§ **Work request**: Exact copies of all the entries are required.

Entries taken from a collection
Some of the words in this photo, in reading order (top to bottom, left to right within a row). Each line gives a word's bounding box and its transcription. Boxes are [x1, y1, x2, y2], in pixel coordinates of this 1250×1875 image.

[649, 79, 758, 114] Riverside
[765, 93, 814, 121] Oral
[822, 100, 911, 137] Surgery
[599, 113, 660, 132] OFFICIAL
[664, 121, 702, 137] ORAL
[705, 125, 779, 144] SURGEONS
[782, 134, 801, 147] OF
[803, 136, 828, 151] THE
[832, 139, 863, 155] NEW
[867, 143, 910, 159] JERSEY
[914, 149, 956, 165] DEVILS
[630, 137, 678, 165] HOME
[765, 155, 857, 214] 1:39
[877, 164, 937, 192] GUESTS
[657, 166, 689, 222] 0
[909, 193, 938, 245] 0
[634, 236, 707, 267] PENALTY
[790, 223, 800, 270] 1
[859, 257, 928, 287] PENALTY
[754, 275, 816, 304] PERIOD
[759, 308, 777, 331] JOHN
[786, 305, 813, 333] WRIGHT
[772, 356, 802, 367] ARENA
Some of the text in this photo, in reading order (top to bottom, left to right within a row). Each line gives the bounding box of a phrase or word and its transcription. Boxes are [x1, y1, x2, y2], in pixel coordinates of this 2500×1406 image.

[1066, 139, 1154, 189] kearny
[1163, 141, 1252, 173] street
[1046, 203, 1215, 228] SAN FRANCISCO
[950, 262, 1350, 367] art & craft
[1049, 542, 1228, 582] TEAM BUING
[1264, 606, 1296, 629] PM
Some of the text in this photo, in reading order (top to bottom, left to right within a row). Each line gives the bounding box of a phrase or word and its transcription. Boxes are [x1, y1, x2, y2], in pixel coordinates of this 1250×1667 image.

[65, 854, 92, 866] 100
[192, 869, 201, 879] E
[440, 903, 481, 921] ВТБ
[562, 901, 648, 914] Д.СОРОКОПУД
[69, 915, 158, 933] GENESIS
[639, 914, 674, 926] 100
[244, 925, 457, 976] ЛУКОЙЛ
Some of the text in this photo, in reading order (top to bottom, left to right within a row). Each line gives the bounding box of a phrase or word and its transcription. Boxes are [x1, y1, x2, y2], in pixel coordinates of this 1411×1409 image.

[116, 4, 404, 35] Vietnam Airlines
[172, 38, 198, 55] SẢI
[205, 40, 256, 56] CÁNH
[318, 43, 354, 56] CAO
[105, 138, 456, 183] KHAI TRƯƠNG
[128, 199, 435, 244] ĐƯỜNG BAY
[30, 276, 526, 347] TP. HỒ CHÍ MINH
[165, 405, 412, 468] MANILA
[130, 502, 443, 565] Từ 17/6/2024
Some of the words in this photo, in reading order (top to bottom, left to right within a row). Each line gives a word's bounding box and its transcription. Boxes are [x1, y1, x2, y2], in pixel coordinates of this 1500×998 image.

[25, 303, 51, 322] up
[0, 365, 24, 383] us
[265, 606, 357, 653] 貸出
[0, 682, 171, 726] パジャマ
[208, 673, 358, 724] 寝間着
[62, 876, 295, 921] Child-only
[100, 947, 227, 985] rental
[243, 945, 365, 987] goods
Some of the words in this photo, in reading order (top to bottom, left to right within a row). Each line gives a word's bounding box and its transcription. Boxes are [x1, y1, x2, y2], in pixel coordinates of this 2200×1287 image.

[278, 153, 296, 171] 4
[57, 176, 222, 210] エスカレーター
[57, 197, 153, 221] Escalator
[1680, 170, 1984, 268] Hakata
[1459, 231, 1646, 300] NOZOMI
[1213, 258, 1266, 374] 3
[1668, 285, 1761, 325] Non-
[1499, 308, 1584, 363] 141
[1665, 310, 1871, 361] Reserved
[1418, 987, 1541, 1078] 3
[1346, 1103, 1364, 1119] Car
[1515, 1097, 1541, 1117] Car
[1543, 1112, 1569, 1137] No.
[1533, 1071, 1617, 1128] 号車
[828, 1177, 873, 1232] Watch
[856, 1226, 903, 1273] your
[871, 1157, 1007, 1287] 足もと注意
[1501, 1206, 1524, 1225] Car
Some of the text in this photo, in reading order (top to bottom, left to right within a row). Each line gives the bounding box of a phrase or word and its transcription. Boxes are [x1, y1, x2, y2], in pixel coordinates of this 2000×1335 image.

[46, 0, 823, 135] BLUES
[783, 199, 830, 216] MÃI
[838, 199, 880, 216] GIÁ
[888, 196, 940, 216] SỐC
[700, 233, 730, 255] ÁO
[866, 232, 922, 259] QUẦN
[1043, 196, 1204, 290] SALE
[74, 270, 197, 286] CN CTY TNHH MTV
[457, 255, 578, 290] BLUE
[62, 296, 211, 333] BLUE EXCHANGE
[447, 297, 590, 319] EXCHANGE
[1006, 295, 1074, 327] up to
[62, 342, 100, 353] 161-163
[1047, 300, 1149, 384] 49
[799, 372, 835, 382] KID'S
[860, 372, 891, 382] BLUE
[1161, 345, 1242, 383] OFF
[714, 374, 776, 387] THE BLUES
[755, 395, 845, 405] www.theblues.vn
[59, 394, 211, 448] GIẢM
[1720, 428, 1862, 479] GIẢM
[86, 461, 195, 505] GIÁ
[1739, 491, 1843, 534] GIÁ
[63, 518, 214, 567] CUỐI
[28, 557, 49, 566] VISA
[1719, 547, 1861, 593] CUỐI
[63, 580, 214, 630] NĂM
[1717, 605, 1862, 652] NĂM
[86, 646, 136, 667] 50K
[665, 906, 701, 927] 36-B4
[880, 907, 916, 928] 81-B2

§ **Written answer**:
Some of the words in this photo, in reading order (top to bottom, left to right within a row). Each line gives a word's bounding box and its transcription. Boxes are [x1, y1, x2, y2], in pixel coordinates of this 1250×1875 image.

[649, 79, 758, 114] Riverside
[765, 93, 814, 121] Oral
[822, 100, 911, 137] Surgery
[599, 113, 660, 132] OFFICIAL
[664, 121, 702, 137] ORAL
[705, 125, 779, 144] SURGEONS
[782, 134, 801, 147] OF
[803, 136, 828, 151] THE
[832, 139, 863, 155] NEW
[867, 143, 910, 159] JERSEY
[914, 149, 956, 165] DEVILS
[630, 137, 678, 165] HOME
[765, 155, 857, 214] 1:39
[877, 164, 937, 192] GUESTS
[657, 166, 689, 222] 0
[909, 193, 938, 245] 0
[634, 236, 707, 267] PENALTY
[790, 223, 800, 270] 1
[859, 257, 928, 287] PENALTY
[754, 275, 816, 304] PERIOD
[759, 308, 777, 331] JOHN
[786, 305, 813, 333] WRIGHT
[772, 356, 802, 367] ARENA
Some of the text in this photo, in reading order (top to bottom, left to right within a row). Each line gives the bounding box of a phrase or word and its transcription. Boxes are [x1, y1, x2, y2], in pixel coordinates of this 2500×1406 image.

[1066, 139, 1154, 189] kearny
[1163, 141, 1252, 173] street
[1046, 203, 1215, 228] SAN FRANCISCO
[950, 262, 1350, 367] art & craft
[1049, 542, 1228, 582] TEAM BUING
[1264, 606, 1296, 629] PM
Some of the text in this photo, in reading order (top to bottom, left to right within a row). Each line gives the bounding box of a phrase or word and its transcription. Boxes are [x1, y1, x2, y2], in pixel coordinates of this 1250×1667 image.

[65, 854, 92, 866] 100
[192, 869, 201, 879] E
[440, 903, 481, 921] ВТБ
[562, 901, 648, 914] Д.СОРОКОПУД
[69, 915, 158, 933] GENESIS
[639, 914, 674, 926] 100
[244, 925, 457, 976] ЛУКОЙЛ
Some of the text in this photo, in reading order (top to bottom, left to right within a row). Each line gives the bounding box of a phrase or word and its transcription. Boxes are [x1, y1, x2, y2], in pixel coordinates of this 1411×1409 image.

[116, 4, 404, 35] Vietnam Airlines
[172, 38, 198, 55] SẢI
[205, 40, 256, 56] CÁNH
[318, 43, 354, 56] CAO
[105, 138, 456, 183] KHAI TRƯƠNG
[128, 199, 435, 244] ĐƯỜNG BAY
[30, 276, 526, 347] TP. HỒ CHÍ MINH
[165, 405, 412, 468] MANILA
[130, 502, 443, 565] Từ 17/6/2024
Some of the words in this photo, in reading order (top to bottom, left to right within a row). Each line gives a word's bounding box and its transcription. Boxes are [x1, y1, x2, y2], in pixel coordinates of this 1500×998 image.

[25, 303, 51, 322] up
[0, 365, 24, 383] us
[265, 606, 357, 653] 貸出
[0, 682, 171, 726] パジャマ
[208, 673, 358, 724] 寝間着
[62, 876, 295, 921] Child-only
[100, 947, 227, 985] rental
[243, 945, 365, 987] goods
Some of the words in this photo, in reading order (top to bottom, left to right within a row). Each line gives a word's bounding box and its transcription. Boxes are [x1, y1, x2, y2], in pixel coordinates of this 2200×1287 image.

[278, 153, 296, 171] 4
[57, 176, 222, 210] エスカレーター
[57, 197, 153, 221] Escalator
[1680, 170, 1984, 268] Hakata
[1459, 231, 1646, 300] NOZOMI
[1213, 258, 1266, 374] 3
[1668, 285, 1761, 325] Non-
[1499, 308, 1584, 363] 141
[1665, 310, 1871, 361] Reserved
[1418, 987, 1541, 1078] 3
[1346, 1103, 1364, 1119] Car
[1515, 1097, 1541, 1117] Car
[1543, 1112, 1569, 1137] No.
[1533, 1071, 1617, 1128] 号車
[828, 1177, 873, 1232] Watch
[856, 1226, 903, 1273] your
[871, 1157, 1007, 1287] 足もと注意
[1501, 1206, 1524, 1225] Car
Some of the text in this photo, in reading order (top to bottom, left to right within a row). Each line gives the bounding box of a phrase or word and its transcription. Boxes are [x1, y1, x2, y2], in pixel coordinates of this 2000×1335 image.

[46, 0, 823, 135] BLUES
[783, 199, 830, 216] MÃI
[838, 199, 880, 216] GIÁ
[888, 196, 940, 216] SỐC
[700, 233, 730, 255] ÁO
[866, 232, 922, 259] QUẦN
[1043, 196, 1204, 290] SALE
[74, 270, 197, 286] CN CTY TNHH MTV
[457, 255, 578, 290] BLUE
[62, 296, 211, 333] BLUE EXCHANGE
[447, 297, 590, 319] EXCHANGE
[1006, 295, 1074, 327] up to
[62, 342, 100, 353] 161-163
[1047, 300, 1149, 384] 49
[799, 372, 835, 382] KID'S
[860, 372, 891, 382] BLUE
[1161, 345, 1242, 383] OFF
[714, 374, 776, 387] THE BLUES
[755, 395, 845, 405] www.theblues.vn
[59, 394, 211, 448] GIẢM
[1720, 428, 1862, 479] GIẢM
[86, 461, 195, 505] GIÁ
[1739, 491, 1843, 534] GIÁ
[63, 518, 214, 567] CUỐI
[28, 557, 49, 566] VISA
[1719, 547, 1861, 593] CUỐI
[63, 580, 214, 630] NĂM
[1717, 605, 1862, 652] NĂM
[86, 646, 136, 667] 50K
[665, 906, 701, 927] 36-B4
[880, 907, 916, 928] 81-B2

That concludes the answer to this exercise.